Task requirements: Taking the line that contains "this 2048×1365 image." as the first, copy each line exactly up to and including the last line below.

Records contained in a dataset
========================

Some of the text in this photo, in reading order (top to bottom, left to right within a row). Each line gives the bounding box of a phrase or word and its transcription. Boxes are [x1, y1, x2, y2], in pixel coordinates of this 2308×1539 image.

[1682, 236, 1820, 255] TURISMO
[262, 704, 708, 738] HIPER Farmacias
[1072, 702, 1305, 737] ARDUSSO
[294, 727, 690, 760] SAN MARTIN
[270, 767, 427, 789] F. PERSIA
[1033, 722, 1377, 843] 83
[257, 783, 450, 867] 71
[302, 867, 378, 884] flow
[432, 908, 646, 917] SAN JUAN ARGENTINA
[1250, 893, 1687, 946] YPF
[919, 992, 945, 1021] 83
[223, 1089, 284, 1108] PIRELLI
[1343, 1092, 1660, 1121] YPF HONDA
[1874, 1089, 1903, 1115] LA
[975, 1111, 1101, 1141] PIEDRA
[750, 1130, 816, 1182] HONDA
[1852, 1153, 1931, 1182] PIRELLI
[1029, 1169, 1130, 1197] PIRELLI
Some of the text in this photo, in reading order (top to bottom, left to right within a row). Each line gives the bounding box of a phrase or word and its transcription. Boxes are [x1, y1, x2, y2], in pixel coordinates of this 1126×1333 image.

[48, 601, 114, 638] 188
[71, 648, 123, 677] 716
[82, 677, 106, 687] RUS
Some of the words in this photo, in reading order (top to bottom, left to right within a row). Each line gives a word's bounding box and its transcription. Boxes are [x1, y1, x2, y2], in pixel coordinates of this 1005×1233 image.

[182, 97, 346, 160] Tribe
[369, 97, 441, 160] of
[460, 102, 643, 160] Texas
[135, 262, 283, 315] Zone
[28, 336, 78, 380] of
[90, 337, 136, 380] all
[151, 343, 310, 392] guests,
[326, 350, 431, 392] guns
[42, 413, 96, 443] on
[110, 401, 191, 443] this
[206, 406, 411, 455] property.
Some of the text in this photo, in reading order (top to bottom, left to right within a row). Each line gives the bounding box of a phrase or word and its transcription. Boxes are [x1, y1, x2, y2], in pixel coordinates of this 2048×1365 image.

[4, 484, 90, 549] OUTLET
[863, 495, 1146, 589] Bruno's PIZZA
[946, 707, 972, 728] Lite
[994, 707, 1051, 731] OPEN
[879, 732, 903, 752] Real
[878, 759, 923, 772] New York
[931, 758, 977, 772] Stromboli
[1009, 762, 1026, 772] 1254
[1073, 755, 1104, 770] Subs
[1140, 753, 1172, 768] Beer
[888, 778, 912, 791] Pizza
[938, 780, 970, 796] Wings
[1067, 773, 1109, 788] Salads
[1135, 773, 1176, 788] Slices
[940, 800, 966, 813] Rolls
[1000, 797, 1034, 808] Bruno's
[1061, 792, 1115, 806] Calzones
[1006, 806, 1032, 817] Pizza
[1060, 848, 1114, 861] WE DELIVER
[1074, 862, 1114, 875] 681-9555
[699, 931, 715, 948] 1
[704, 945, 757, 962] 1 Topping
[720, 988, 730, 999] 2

========================

Answer to this exercise:
Some of the text in this photo, in reading order (top to bottom, left to right within a row). Each line gives the bounding box of a phrase or word and its transcription. Boxes are [x1, y1, x2, y2], in pixel coordinates of this 2048×1365 image.

[4, 484, 90, 549] OUTLET
[863, 495, 1146, 589] Bruno's PIZZA
[946, 707, 972, 728] Lite
[994, 707, 1051, 731] OPEN
[879, 732, 903, 752] Real
[878, 759, 923, 772] New York
[931, 758, 977, 772] Stromboli
[1009, 762, 1026, 772] 1254
[1073, 755, 1104, 770] Subs
[1140, 753, 1172, 768] Beer
[888, 778, 912, 791] Pizza
[938, 780, 970, 796] Wings
[1067, 773, 1109, 788] Salads
[1135, 773, 1176, 788] Slices
[940, 800, 966, 813] Rolls
[1000, 797, 1034, 808] Bruno's
[1061, 792, 1115, 806] Calzones
[1006, 806, 1032, 817] Pizza
[1060, 848, 1114, 861] WE DELIVER
[1074, 862, 1114, 875] 681-9555
[699, 931, 715, 948] 1
[704, 945, 757, 962] 1 Topping
[720, 988, 730, 999] 2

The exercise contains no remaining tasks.